> **What you will do**
While copying the entries exactly, leave out each picture they contain.

> **Extracted information**

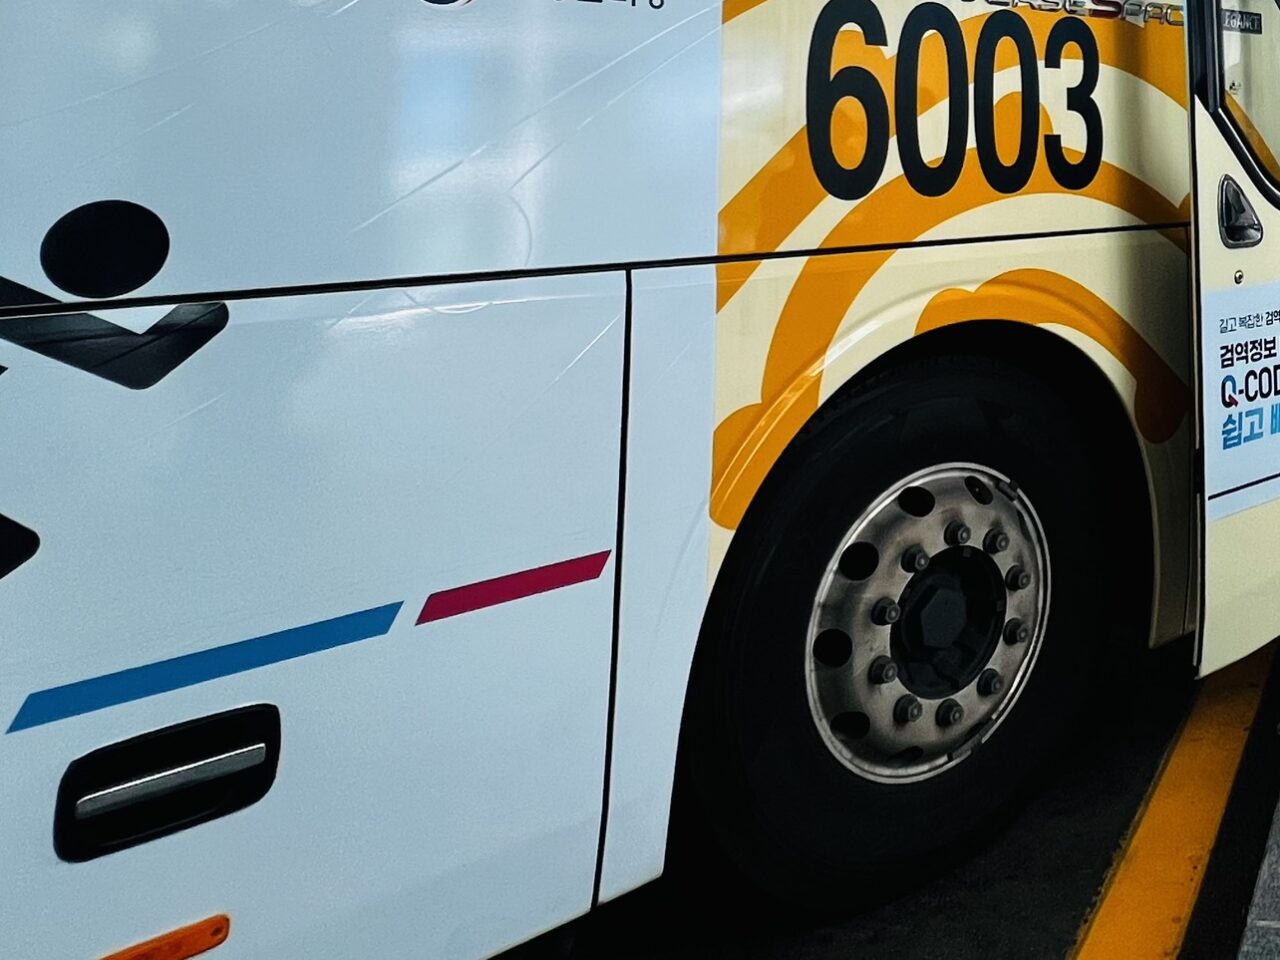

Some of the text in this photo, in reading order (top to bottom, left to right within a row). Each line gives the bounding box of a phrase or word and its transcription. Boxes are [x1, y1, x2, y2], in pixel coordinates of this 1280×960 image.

[1219, 317, 1237, 334] 길고
[1219, 336, 1277, 369] 검역정보
[1222, 406, 1264, 450] 쉽고
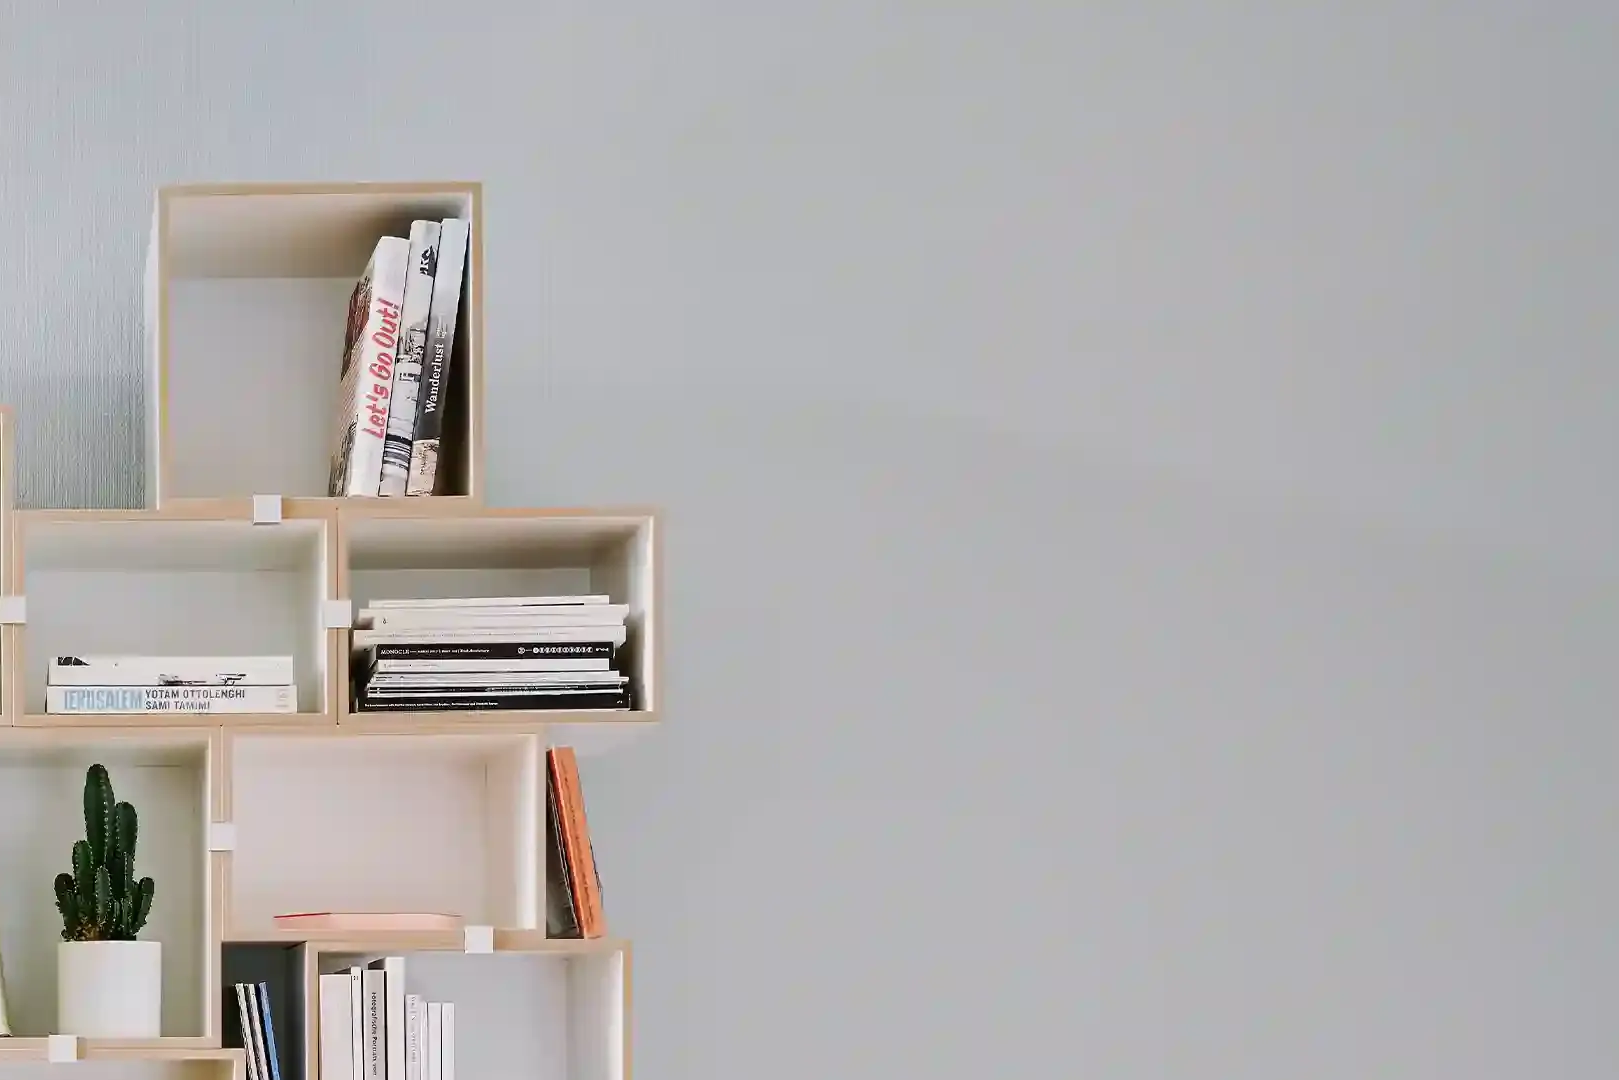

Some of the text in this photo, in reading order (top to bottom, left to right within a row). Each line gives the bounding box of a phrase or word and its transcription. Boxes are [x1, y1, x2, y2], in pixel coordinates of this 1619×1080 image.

[362, 297, 400, 440] Let's Go Out!
[424, 343, 444, 414] Wanderlust
[145, 690, 245, 699] YOTAM OTTOLENGHI
[145, 701, 210, 710] SAMI TAMIMI
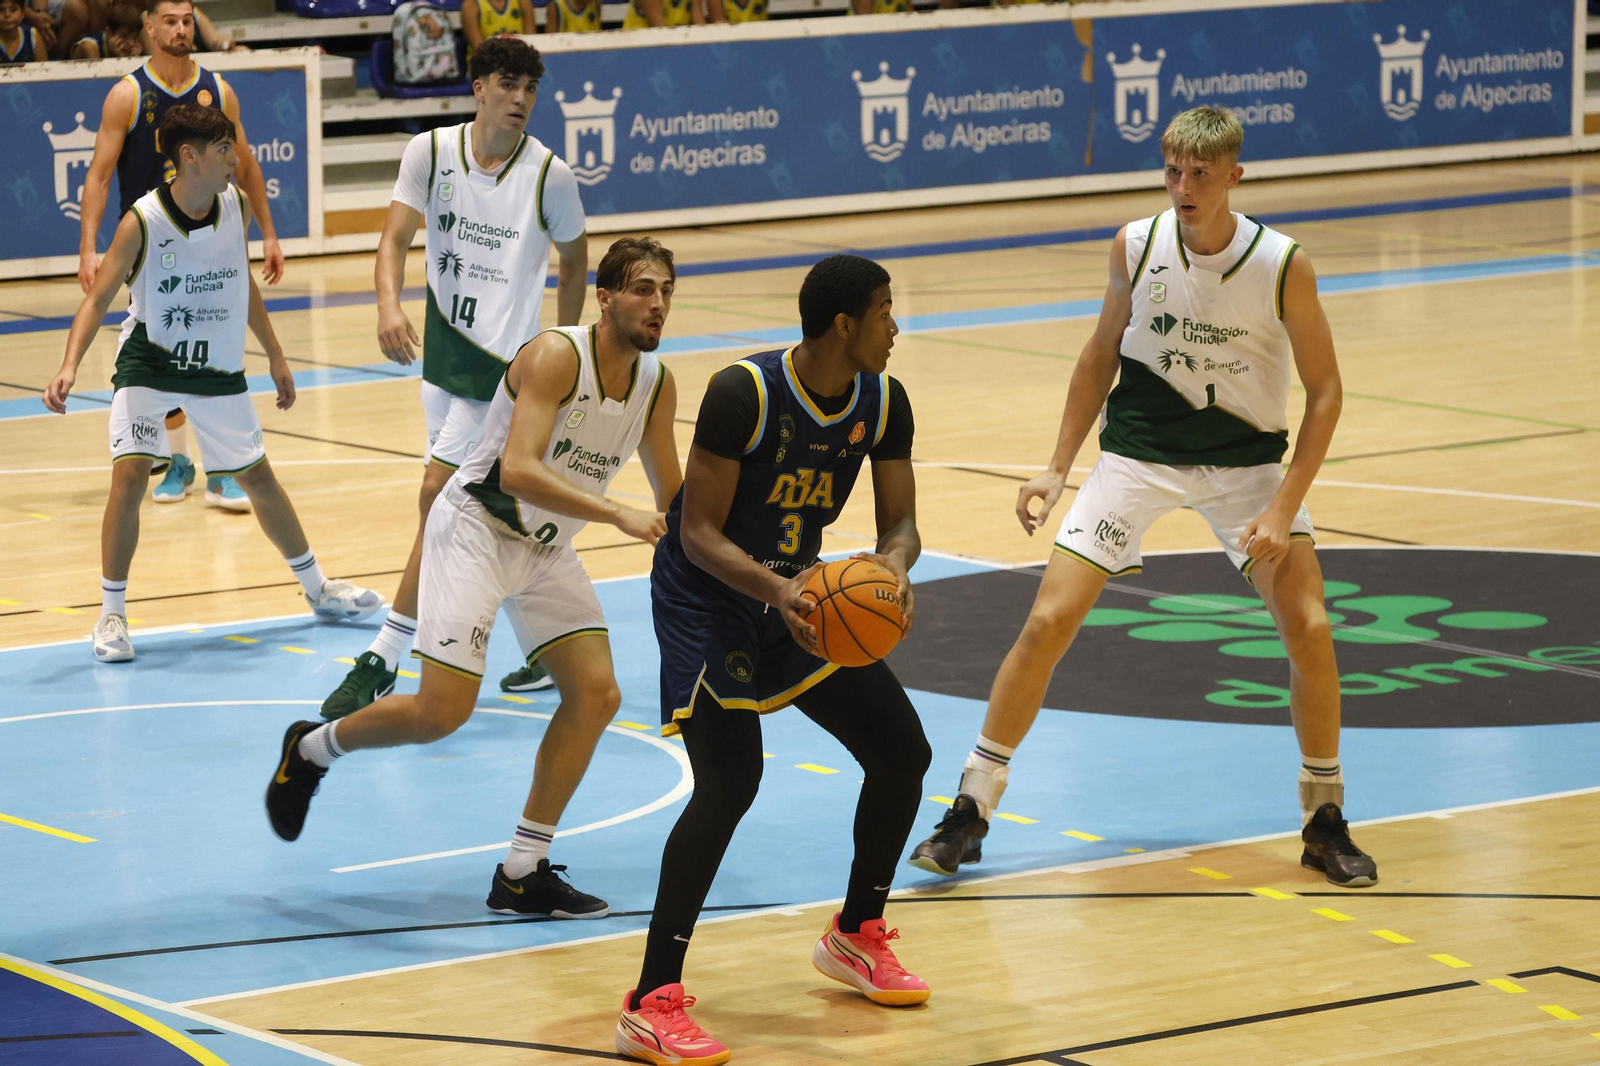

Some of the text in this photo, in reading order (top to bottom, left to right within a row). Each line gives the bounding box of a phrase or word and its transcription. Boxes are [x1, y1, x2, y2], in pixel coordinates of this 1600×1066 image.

[1435, 47, 1564, 83] Ayuntamiento
[1171, 66, 1308, 103] Ayuntamiento
[1434, 80, 1553, 113] de Algeciras
[922, 85, 1065, 122] Ayuntamiento
[629, 106, 780, 144] Ayuntamiento
[922, 118, 1052, 153] de Algeciras
[629, 141, 767, 176] de Algeciras
[457, 229, 501, 251] Unicaja
[459, 217, 520, 240] Fundación
[185, 267, 238, 284] Fundación
[468, 271, 509, 284] de la Torre
[450, 293, 478, 329] 14
[169, 339, 210, 370] 44
[1204, 383, 1217, 406] 1
[809, 443, 829, 452] vive
[777, 512, 804, 556] 3
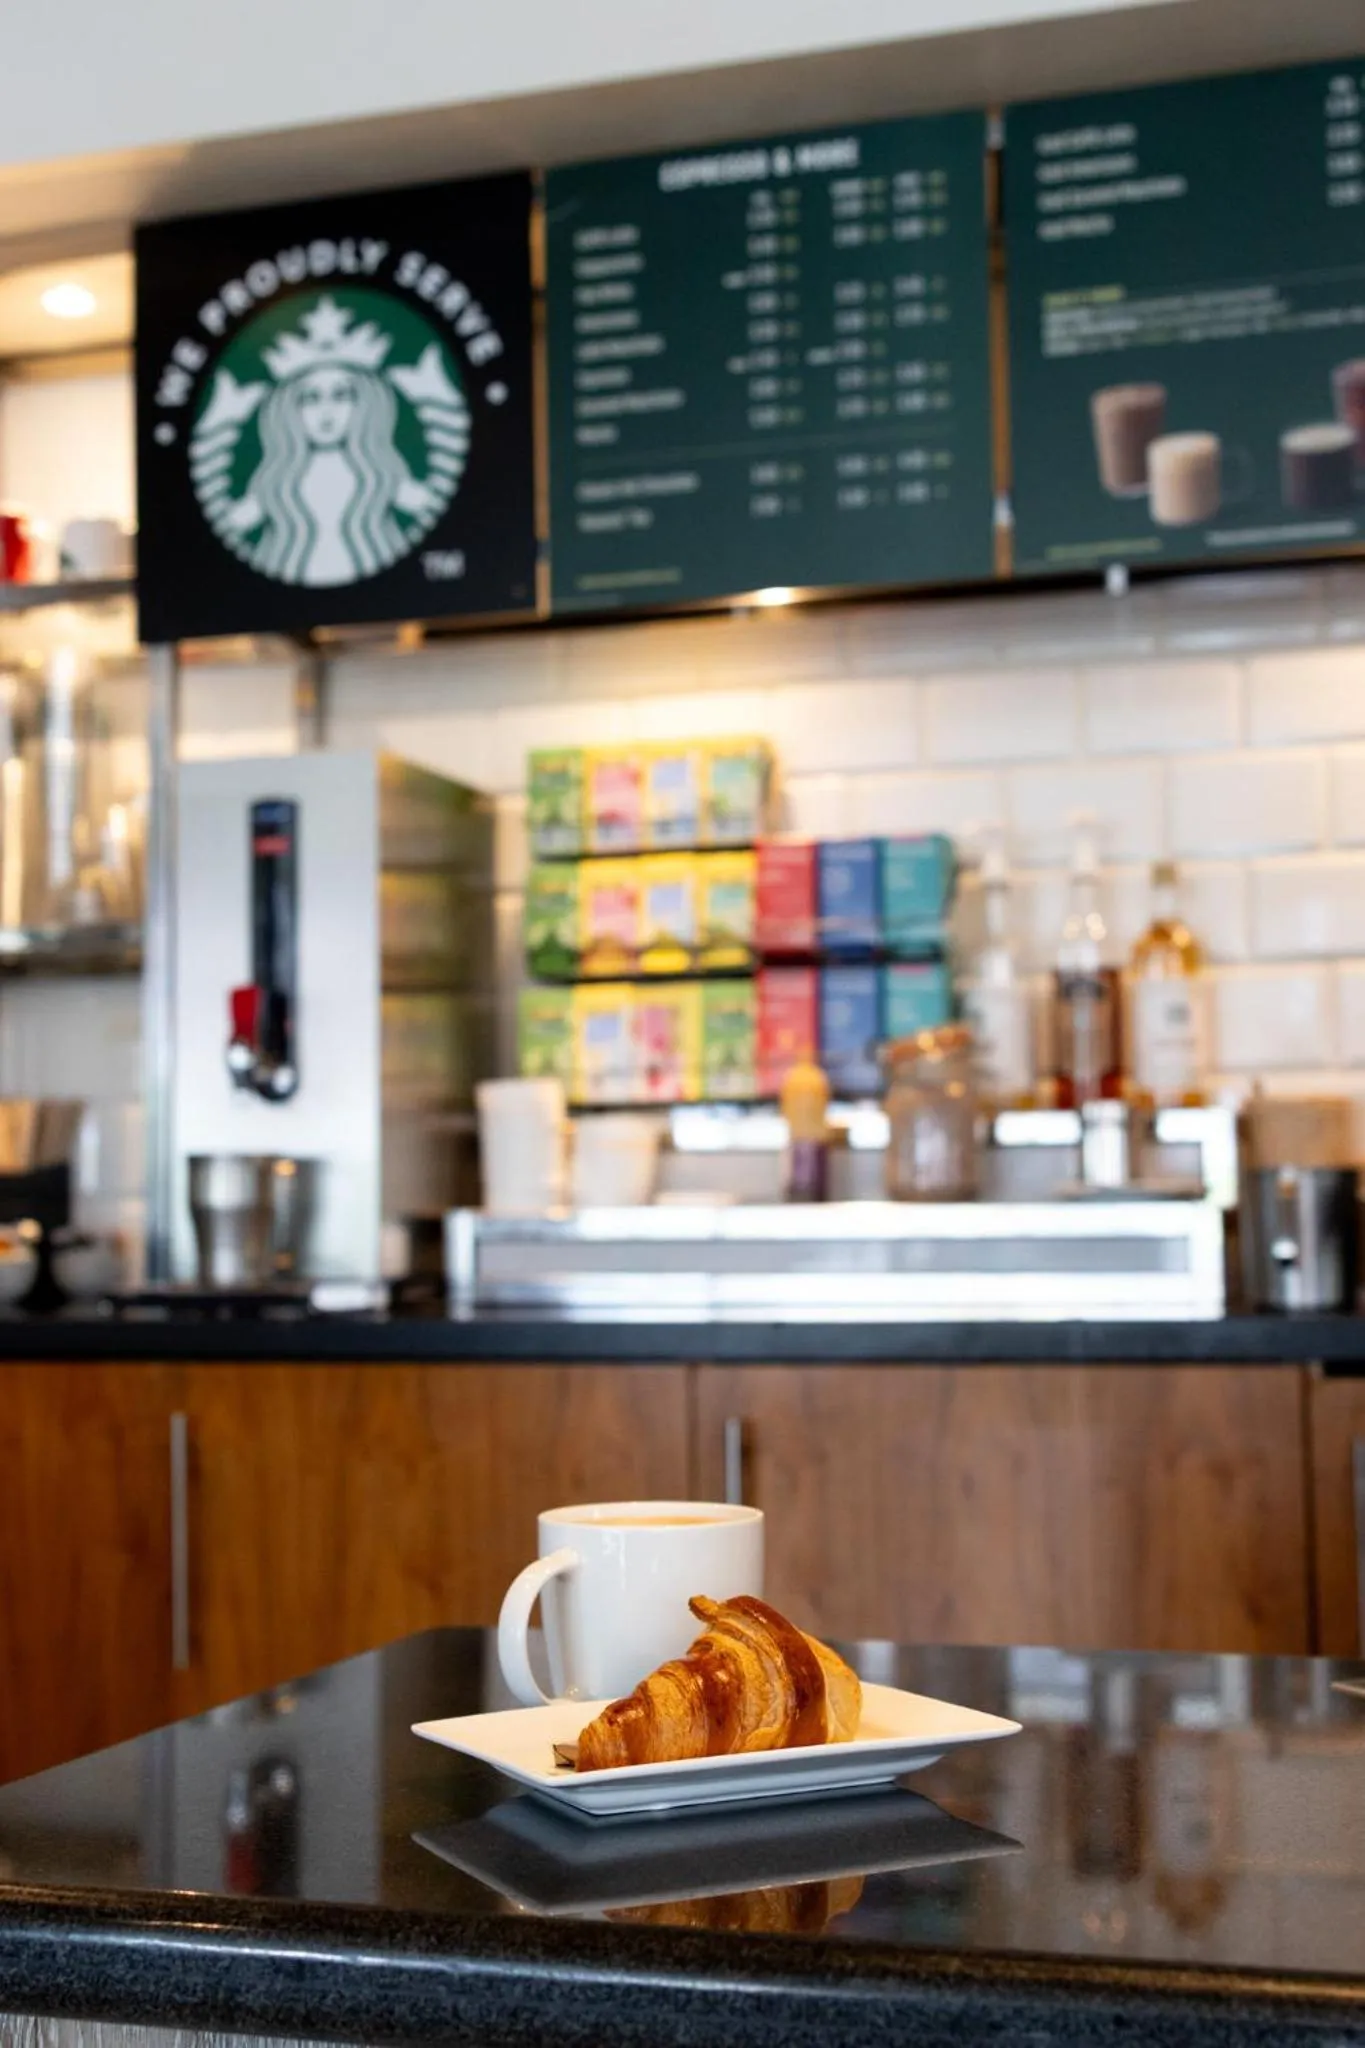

> **Exercise output**
Some of the text in this photo, in reading order (top to bottom, left to right within a row). Each line gives the bounding box of a phrase or word and its transcription. Boxes are [x1, y1, x2, y2], in pixel coordinates of this 1280×960 image.

[1219, 317, 1237, 334] 길고
[1219, 336, 1277, 369] 검역정보
[1222, 406, 1264, 450] 쉽고

Some of the text in this photo, in reading order (top to bottom, left to right within a row). Each line gives the bounding box of a phrase or word and its transcription. Boxes are [x1, y1, x2, y2], in pixel coordinates of this 1619×1080 image.

[362, 297, 400, 440] Let's Go Out!
[424, 343, 444, 414] Wanderlust
[145, 690, 245, 699] YOTAM OTTOLENGHI
[145, 701, 210, 710] SAMI TAMIMI

Some of the text in this photo, in reading order (top to bottom, left to right within a row). Each line gives the bounding box of a phrase or word and its transcription. Boxes are [x1, y1, x2, y2], in pixel coordinates of this 1600×1066 image.

[1435, 47, 1564, 83] Ayuntamiento
[1171, 66, 1308, 103] Ayuntamiento
[1434, 80, 1553, 113] de Algeciras
[922, 85, 1065, 122] Ayuntamiento
[629, 106, 780, 144] Ayuntamiento
[922, 118, 1052, 153] de Algeciras
[629, 141, 767, 176] de Algeciras
[457, 229, 501, 251] Unicaja
[459, 217, 520, 240] Fundación
[185, 267, 238, 284] Fundación
[468, 271, 509, 284] de la Torre
[450, 293, 478, 329] 14
[169, 339, 210, 370] 44
[1204, 383, 1217, 406] 1
[809, 443, 829, 452] vive
[777, 512, 804, 556] 3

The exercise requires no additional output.